[ACTIVITY]: Print out every record below, exactly as written.

[Items from a data source]
Segment Open

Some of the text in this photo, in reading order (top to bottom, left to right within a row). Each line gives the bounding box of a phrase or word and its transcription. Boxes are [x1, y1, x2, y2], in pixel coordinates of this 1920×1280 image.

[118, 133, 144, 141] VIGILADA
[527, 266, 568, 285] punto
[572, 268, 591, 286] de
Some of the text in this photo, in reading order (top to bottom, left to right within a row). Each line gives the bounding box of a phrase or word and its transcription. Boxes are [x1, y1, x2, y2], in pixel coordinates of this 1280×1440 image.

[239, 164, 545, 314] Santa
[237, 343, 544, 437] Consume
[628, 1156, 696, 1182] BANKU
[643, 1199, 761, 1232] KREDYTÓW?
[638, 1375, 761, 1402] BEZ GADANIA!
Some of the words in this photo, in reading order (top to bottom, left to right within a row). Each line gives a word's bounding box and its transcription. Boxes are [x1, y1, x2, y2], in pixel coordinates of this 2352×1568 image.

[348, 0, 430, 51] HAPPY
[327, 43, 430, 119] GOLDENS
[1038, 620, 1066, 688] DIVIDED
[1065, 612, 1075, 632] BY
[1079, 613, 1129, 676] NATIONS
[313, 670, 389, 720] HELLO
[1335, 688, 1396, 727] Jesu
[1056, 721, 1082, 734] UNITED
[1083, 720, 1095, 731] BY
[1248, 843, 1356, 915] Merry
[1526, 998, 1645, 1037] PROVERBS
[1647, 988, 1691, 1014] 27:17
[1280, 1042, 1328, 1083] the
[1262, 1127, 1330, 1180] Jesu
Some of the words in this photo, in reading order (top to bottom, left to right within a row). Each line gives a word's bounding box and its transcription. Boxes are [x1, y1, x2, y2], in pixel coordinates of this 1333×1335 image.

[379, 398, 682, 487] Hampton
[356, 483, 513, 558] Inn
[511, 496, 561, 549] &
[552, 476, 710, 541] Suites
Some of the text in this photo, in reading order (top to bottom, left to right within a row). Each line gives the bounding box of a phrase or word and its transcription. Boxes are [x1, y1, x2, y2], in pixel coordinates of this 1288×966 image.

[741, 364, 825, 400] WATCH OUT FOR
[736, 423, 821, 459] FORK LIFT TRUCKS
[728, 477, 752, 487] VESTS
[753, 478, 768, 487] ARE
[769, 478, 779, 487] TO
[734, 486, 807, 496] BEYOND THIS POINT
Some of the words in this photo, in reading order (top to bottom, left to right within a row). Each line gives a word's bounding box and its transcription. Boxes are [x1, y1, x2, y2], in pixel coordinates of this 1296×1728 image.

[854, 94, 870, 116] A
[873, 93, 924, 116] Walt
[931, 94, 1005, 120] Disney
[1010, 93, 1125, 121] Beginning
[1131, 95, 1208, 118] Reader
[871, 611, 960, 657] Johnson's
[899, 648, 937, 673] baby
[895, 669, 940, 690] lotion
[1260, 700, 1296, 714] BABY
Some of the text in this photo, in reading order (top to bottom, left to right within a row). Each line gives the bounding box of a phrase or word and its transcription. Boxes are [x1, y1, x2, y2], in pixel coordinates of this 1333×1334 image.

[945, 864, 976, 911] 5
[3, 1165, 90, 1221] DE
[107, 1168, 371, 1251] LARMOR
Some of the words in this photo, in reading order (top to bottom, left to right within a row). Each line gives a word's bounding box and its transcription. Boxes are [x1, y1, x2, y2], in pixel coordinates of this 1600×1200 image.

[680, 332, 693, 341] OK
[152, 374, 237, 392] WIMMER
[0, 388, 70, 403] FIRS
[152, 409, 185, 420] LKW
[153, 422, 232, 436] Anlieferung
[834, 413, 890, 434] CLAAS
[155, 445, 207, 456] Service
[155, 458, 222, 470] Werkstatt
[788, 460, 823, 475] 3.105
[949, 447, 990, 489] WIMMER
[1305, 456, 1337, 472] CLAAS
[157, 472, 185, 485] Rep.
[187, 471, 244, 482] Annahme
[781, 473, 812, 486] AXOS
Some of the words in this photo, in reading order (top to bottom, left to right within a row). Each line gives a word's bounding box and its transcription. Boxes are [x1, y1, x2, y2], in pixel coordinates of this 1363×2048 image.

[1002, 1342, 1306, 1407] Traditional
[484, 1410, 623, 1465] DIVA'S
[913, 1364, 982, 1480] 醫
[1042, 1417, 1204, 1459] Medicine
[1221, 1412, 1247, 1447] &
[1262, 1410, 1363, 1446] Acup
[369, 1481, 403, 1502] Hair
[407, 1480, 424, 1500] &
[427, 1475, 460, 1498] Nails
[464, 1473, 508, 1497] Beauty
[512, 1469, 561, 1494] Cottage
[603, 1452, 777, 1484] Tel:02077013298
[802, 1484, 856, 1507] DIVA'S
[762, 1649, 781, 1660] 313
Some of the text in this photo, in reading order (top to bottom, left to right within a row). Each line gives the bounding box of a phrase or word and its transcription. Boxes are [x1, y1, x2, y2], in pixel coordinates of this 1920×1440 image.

Segment Closed

[PROBLEM SOLUTION]:
Some of the text in this photo, in reading order (top to bottom, left to right within a row). Each line gives the bounding box of a phrase or word and its transcription. Boxes are [x1, y1, x2, y2], in pixel coordinates of this 1920×1280 image.

[118, 133, 144, 141] VIGILADA
[527, 266, 568, 285] punto
[572, 268, 591, 286] de
Some of the text in this photo, in reading order (top to bottom, left to right within a row). Each line gives the bounding box of a phrase or word and its transcription. Boxes are [x1, y1, x2, y2], in pixel coordinates of this 1280×1440 image.

[239, 164, 545, 314] Santa
[237, 343, 544, 437] Consume
[628, 1156, 696, 1182] BANKU
[643, 1199, 761, 1232] KREDYTÓW?
[638, 1375, 761, 1402] BEZ GADANIA!
Some of the words in this photo, in reading order (top to bottom, left to right within a row). Each line gives a word's bounding box and its transcription. Boxes are [x1, y1, x2, y2], in pixel coordinates of this 2352×1568 image.

[348, 0, 430, 51] HAPPY
[327, 43, 430, 119] GOLDENS
[1038, 620, 1066, 688] DIVIDED
[1065, 612, 1075, 632] BY
[1079, 613, 1129, 676] NATIONS
[313, 670, 389, 720] HELLO
[1335, 688, 1396, 727] Jesu
[1056, 721, 1082, 734] UNITED
[1083, 720, 1095, 731] BY
[1248, 843, 1356, 915] Merry
[1526, 998, 1645, 1037] PROVERBS
[1647, 988, 1691, 1014] 27:17
[1280, 1042, 1328, 1083] the
[1262, 1127, 1330, 1180] Jesu
Some of the words in this photo, in reading order (top to bottom, left to right within a row). Each line gives a word's bounding box and its transcription. Boxes are [x1, y1, x2, y2], in pixel coordinates of this 1333×1335 image.

[379, 398, 682, 487] Hampton
[356, 483, 513, 558] Inn
[511, 496, 561, 549] &
[552, 476, 710, 541] Suites
Some of the text in this photo, in reading order (top to bottom, left to right within a row). Each line gives the bounding box of a phrase or word and its transcription. Boxes are [x1, y1, x2, y2], in pixel coordinates of this 1288×966 image.

[741, 364, 825, 400] WATCH OUT FOR
[736, 423, 821, 459] FORK LIFT TRUCKS
[728, 477, 752, 487] VESTS
[753, 478, 768, 487] ARE
[769, 478, 779, 487] TO
[734, 486, 807, 496] BEYOND THIS POINT
Some of the words in this photo, in reading order (top to bottom, left to right within a row). Each line gives a word's bounding box and its transcription. Boxes are [x1, y1, x2, y2], in pixel coordinates of this 1296×1728 image.

[854, 94, 870, 116] A
[873, 93, 924, 116] Walt
[931, 94, 1005, 120] Disney
[1010, 93, 1125, 121] Beginning
[1131, 95, 1208, 118] Reader
[871, 611, 960, 657] Johnson's
[899, 648, 937, 673] baby
[895, 669, 940, 690] lotion
[1260, 700, 1296, 714] BABY
Some of the text in this photo, in reading order (top to bottom, left to right within a row). Each line gives the bounding box of a phrase or word and its transcription. Boxes are [x1, y1, x2, y2], in pixel coordinates of this 1333×1334 image.

[945, 864, 976, 911] 5
[3, 1165, 90, 1221] DE
[107, 1168, 371, 1251] LARMOR
Some of the words in this photo, in reading order (top to bottom, left to right within a row). Each line gives a word's bounding box and its transcription. Boxes are [x1, y1, x2, y2], in pixel coordinates of this 1600×1200 image.

[680, 332, 693, 341] OK
[152, 374, 237, 392] WIMMER
[0, 388, 70, 403] FIRS
[152, 409, 185, 420] LKW
[153, 422, 232, 436] Anlieferung
[834, 413, 890, 434] CLAAS
[155, 445, 207, 456] Service
[155, 458, 222, 470] Werkstatt
[788, 460, 823, 475] 3.105
[949, 447, 990, 489] WIMMER
[1305, 456, 1337, 472] CLAAS
[157, 472, 185, 485] Rep.
[187, 471, 244, 482] Annahme
[781, 473, 812, 486] AXOS
Some of the words in this photo, in reading order (top to bottom, left to right within a row). Each line gives a word's bounding box and its transcription. Boxes are [x1, y1, x2, y2], in pixel coordinates of this 1363×2048 image.

[1002, 1342, 1306, 1407] Traditional
[484, 1410, 623, 1465] DIVA'S
[913, 1364, 982, 1480] 醫
[1042, 1417, 1204, 1459] Medicine
[1221, 1412, 1247, 1447] &
[1262, 1410, 1363, 1446] Acup
[369, 1481, 403, 1502] Hair
[407, 1480, 424, 1500] &
[427, 1475, 460, 1498] Nails
[464, 1473, 508, 1497] Beauty
[512, 1469, 561, 1494] Cottage
[603, 1452, 777, 1484] Tel:02077013298
[802, 1484, 856, 1507] DIVA'S
[762, 1649, 781, 1660] 313
Some of the text in this photo, in reading order (top to bottom, left to right within a row). Each line gives the bounding box of a phrase or word and its transcription. Boxes are [x1, y1, x2, y2], in pixel coordinates of this 1920×1440 image.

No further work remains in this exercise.